HRW
(Paris) – La décision du gouvernement français de dissoudre une association importante de lutte contre les discriminations menace des libertés et droits humains fondamentaux, notamment la liberté d’expression, d’association et de religion, ainsi que le principe de non-discrimination, a déclaré Human Rights Watch aujourd’hui.
Le 2 décembre 2020, le ministre de l’Intérieur Gérald Darmanin a tweeté que le Conseil des ministres avait notifié le Collectif contre l’islamophobie en France (CCIF) qu’il était dissous par décret.
« Quelle que soit son intention, cette mesure risque de stigmatiser davantage les musulmans en France », a déclaré Kartik Raj, chercheur sur l’Europe de l’Ouest à Human Rights Watch. « Dissoudre une organisation qui soulève des préoccupations légitimes sur les préjugés à l’encontre des musulmans, c’est tirer sur le messager, au lieu de s’efforcer de régler le problème de discrimination existant. »

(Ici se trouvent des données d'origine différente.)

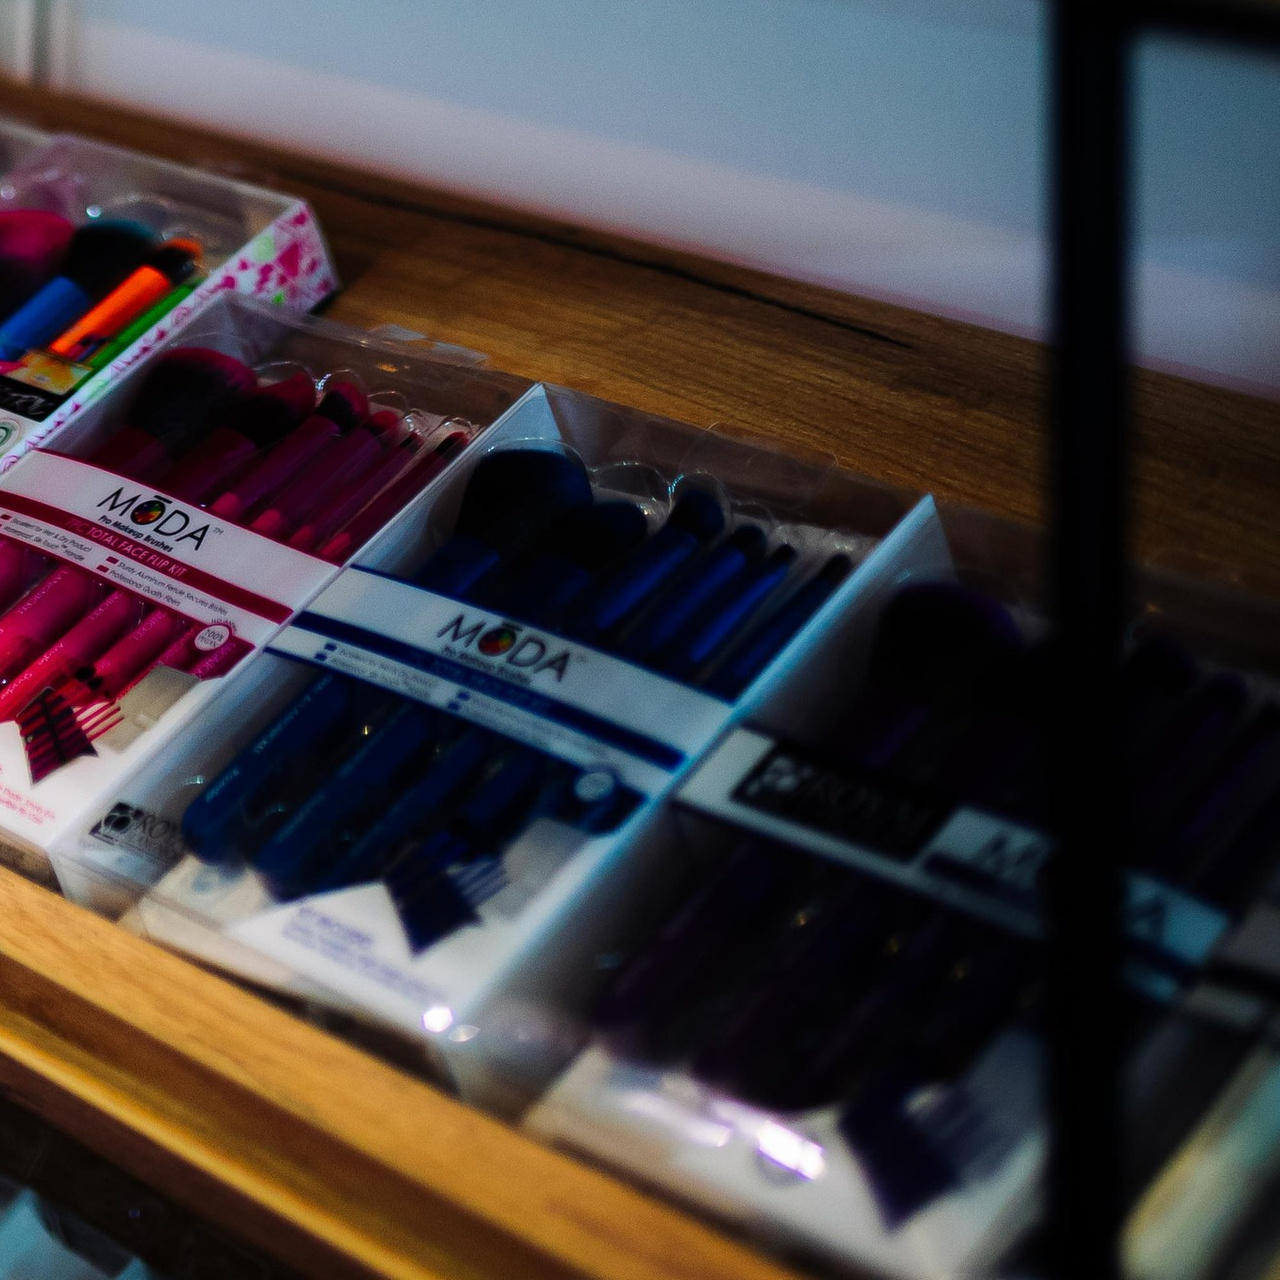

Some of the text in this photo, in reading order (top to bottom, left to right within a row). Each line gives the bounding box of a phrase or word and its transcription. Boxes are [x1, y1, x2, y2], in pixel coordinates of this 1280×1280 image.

Le 19 novembre, Darmanin a annoncé sur les médias sociaux qu’il avait notifié le CCIF de l’intention du gouvernement de le dissoudre, lui donnant huit jours pour contester cette action devant un tribunal administratif. Dans les jours qui ont suivi, l’association a répondu à certaines allégations contenues dans la lettre du ministre, par écrit et via les médias sociaux, et annoncé le 30 novembre qu’elle s’était déjà volontairement et préventivement auto-dissoute à la fin du mois d’octobre. Dans son décret du 2 décembre, le gouvernement annonçait qu’il n’acceptait pas l’affirmation de l’association selon laquelle elle s’était dissoute volontairement.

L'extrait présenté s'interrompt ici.